October 22, 2024
by Taylor Carr-Howard
Our 2023 John R. Coleman Traveling Fellowship winner, Taylor Carr-Howard, provides an update from the field.
As the 2023 recipient of the John R. Coleman Traveling Fellowship, I traveled to Morocco, France, and Tunisia to conduct archival research and site visits for my dissertation “Archaeological Photographs and the (De)Colonial Imagination.” My project, which looks at the role of the archaeological photograph in the history of colonial archaeology, draws extensively on archival research. With the support of the John R. Coleman Traveling Fellowship, I was able to complete the French portion of this research, in archives in Paris and Aix-en-Provence, over the course of six weeks. The data that I collected during this period will form several important case studies for my dissertation, which is organized by photographic archive.

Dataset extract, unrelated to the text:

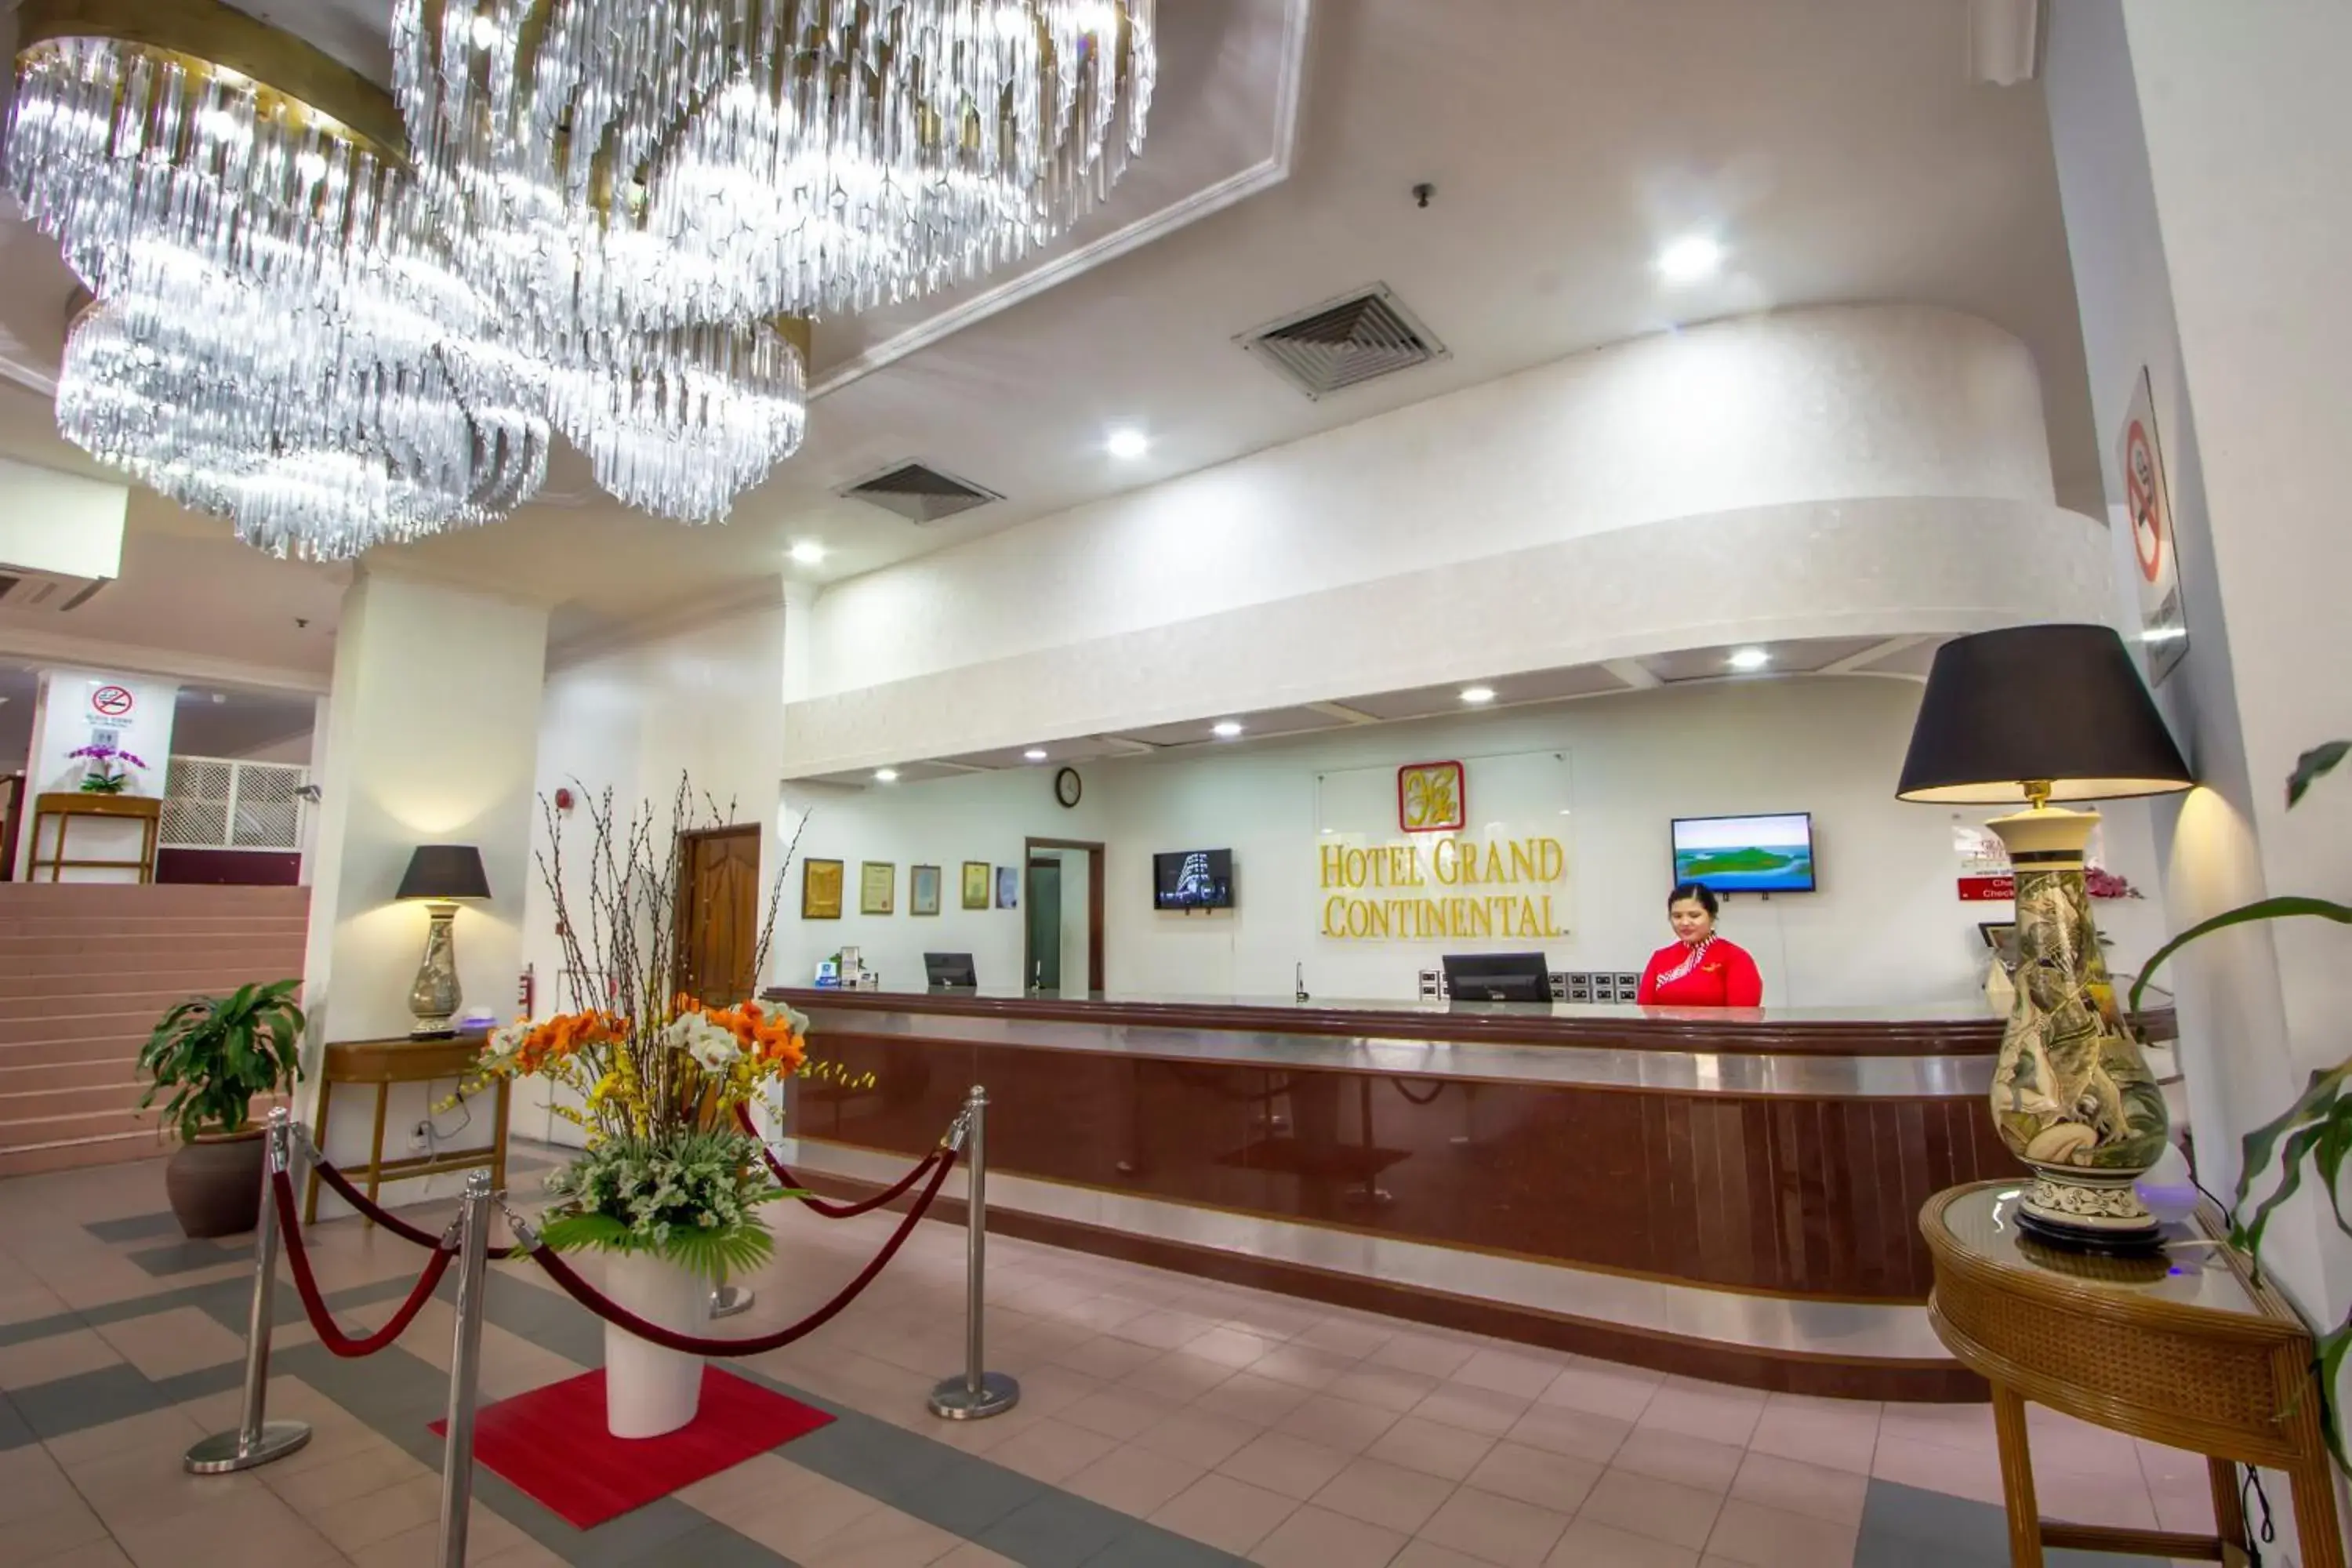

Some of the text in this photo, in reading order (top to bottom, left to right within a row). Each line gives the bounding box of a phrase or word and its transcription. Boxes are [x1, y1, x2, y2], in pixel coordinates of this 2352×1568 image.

[1319, 838, 1563, 888] HOTEL GRAND
[1324, 895, 1560, 938] CONTINENTAL

I was also able to travel to North Africa for the first time, to visit the Roman sites depicted in these photographic records. I visited archaeological sites in Tunisia (Carthage, Bulla Regia, Dougga, Sousse, and El Jem) and Morocco (Volubilis). On site, I was able to consider the context of the excavated material, the layout of the site and its landscape, and its current status as a cultural heritage site and tourist destination. I took my own photographs at each site, both as records and illustrations for my dissertation, and as a way to experience the site and understand the perspectives from which it has been photographed historically. I also visited several archaeological museums (including the Bardo Museum, which re-opened only a few days before I arrived in Tunisia!) as well as the Maison de la Photographie de Marrakech, which I plan to include as a case study in my dissertation.
This fellowship supported an essential stage of my dissertation research, which has and will continue to, shape my project as well as my career. I am grateful to the AIA and the donors of the John R. Coleman Traveling fellowship for supporting travel to both North Africa and to Europe. This flexibility allowed me to conduct archival research in Europe, that is the basis of my dissertation, while still centering the archaeological material and its reception locally, a focus I will maintain as complete my dissertation.